ITHACA, N.Y. — A lot can change in a few years’ time. Affordable housing co-developers NRP Group and Arbor Housing and Development are seeking revisions to the former Holochuck Homes development plan passed by the town of Ithaca five years ago, based on their own programmatic needs as well as community feedback.
The developers revealed their plans to purchase the Holochuck property to the Voice last October, after the property and plans had been languishing on the local real estate market for years. The modified proposal, under the perhaps-bland moniker “Ithaca Townhomes”, was presented to town officials this week, with a trip to the town planning board planned for next week.
The site plan building layout is being kept the same, but that’s about the only constant between the old and new plans. The building designs are being radically altered to fit “local vernacular” and reduce “visual impact”. The original design, two-story buildings with garages, can be seen here. Now, under revised designs penned by local firm HOLT Architects with assistance from original architect Keystone Associates, the townhouses will have a more discreet profile, with units built into the hillside, one story in the front and two in the back. Other proposed modifications include replacing one of the 106 proposed townhome units with a community clubhouse (offices, library, computer room, tool exchange and re-use room), adding a playground and community gardens, additional sidewalks, and elimination of the attached garages to reduce bulk. Each unit will still have a driveway.
“The reduced building height will drastically reduce the visual impression of the units from the east side of Cayuga Lake, and in conjunction with increased landscaping along the east side of the development, minimize the visual influence on West Hill,” writes NRP Vice President P. Christopher Dirr in the submission to the town board.
The plan is to build the units in two phases, with the first 66 units plus the clubhouse targeted for a 2018-2019 build-out. Unit sizes will range from $850/month, 745 square-foot 1-bedroom units to $1500/month, 1,344 square-foot 3-bedroom units, with most units being two or three bedrooms. The infrastructure improvements (streets, lighting) will be privately built and maintained by the developer. Seven units (2 1-BR, 3 2-BR, 2 3-BR) will be set aside for the mobility impaired, three units for those with hearing or vision impairment (1 1-BR, 1 2-BR, 1 3-BR), and three units for those with special needs (1 1-BR, 1 2-BR, 1 3-BR), defined here as recovering victims of domestic violence situations.
Unlike the original Holochuck plan, where 10% of the units were to be set aside as affordable housing and the rest at market rate, the NRP plan calls for lower-and-moderate income households ranging from 50% of area median income (AMI, which is $53,000 per person), to 130% area median income – in other words, households making $26,550-$68,950, working-class to middle-class. It was previously reported that the units would open as rentals, but have an option to purchase after a 15-year period due to the requirements of the tax credits that would be sold to investors in order to finance the project.
As the townhouses head to the planning board next week, the big question facing the board and developer will be whether or not a supplemental environmental impact statement (SEIS) will be required to go along with the original 2009-12 review.

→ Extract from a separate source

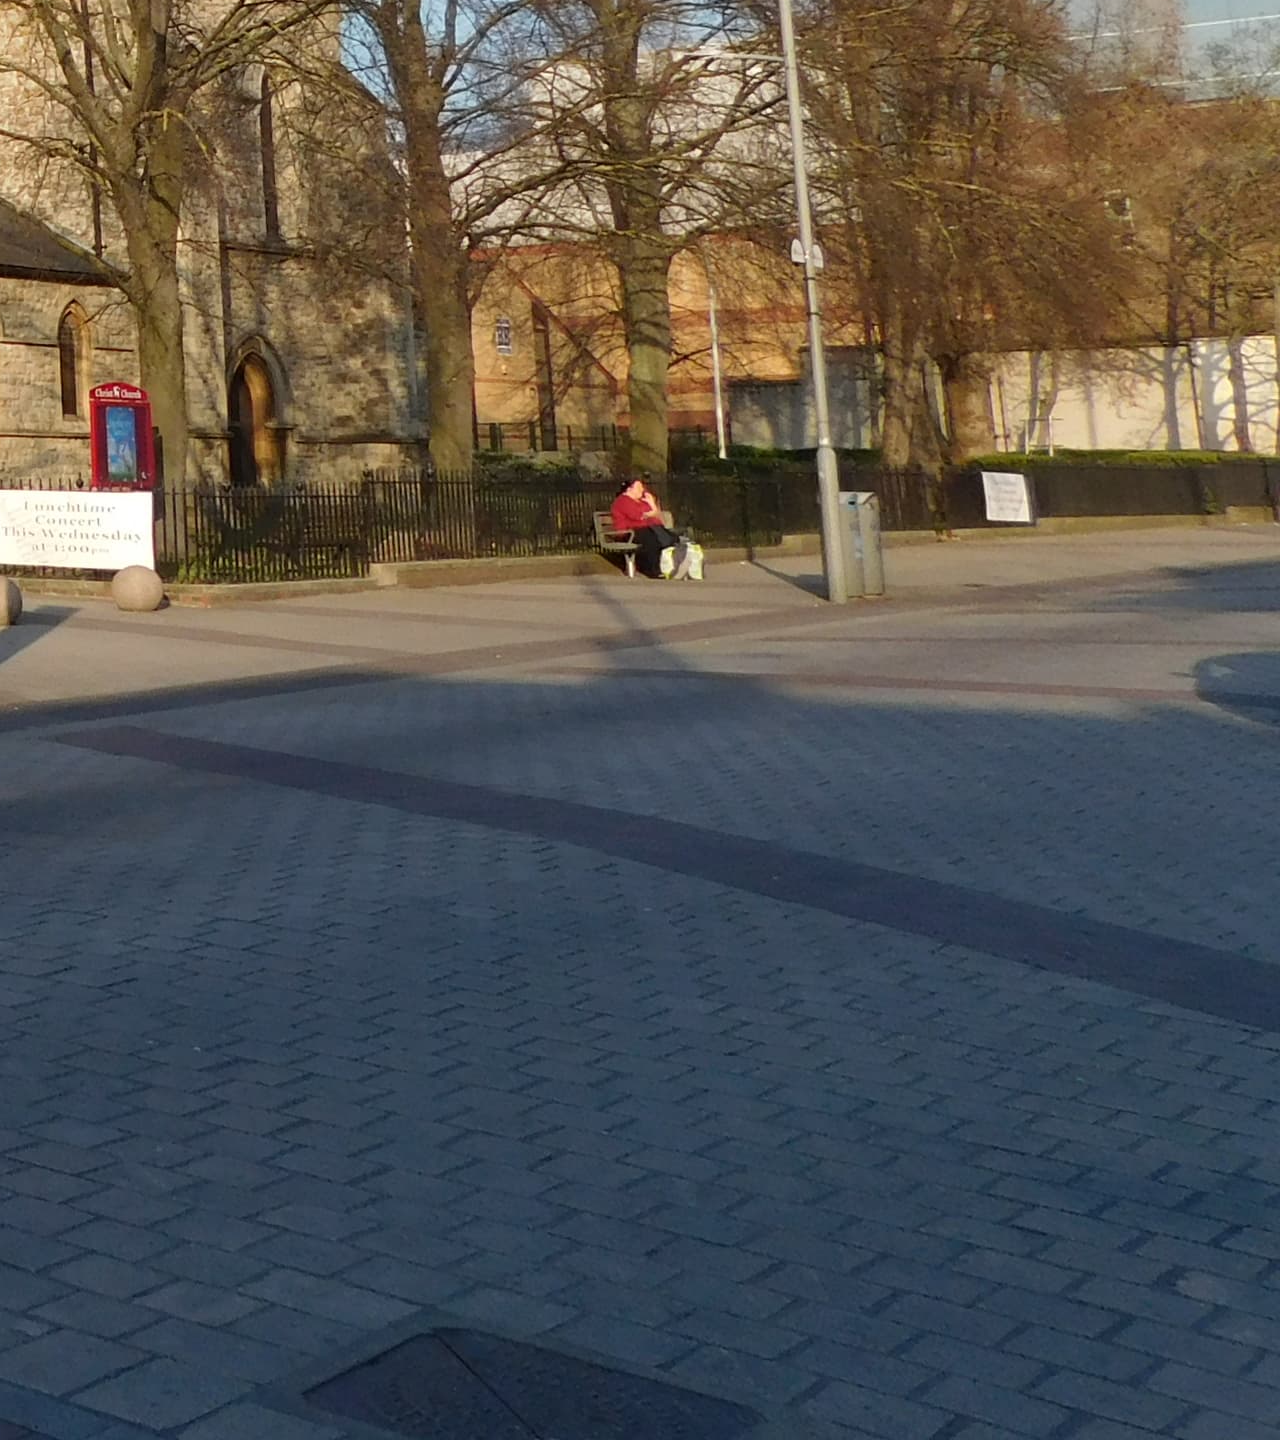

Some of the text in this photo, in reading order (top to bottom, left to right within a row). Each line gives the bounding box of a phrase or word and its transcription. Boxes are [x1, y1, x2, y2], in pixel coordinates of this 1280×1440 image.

[95, 388, 141, 399] Christ Church
[34, 515, 103, 527] Concert
[2, 526, 142, 544] This Wednesday

An SEIS comes into play if a project that previously completed an EIS proposes changes that may significantly and negatively alter the original findings. In this case, it’s a debate because although the home designs are different, the layout and unit total is about the same. If the board decides the changes do not require an SEIS and additional studies, the proposal would be reviewed for bureaucratically easier and less expensive changes to final approval conditions.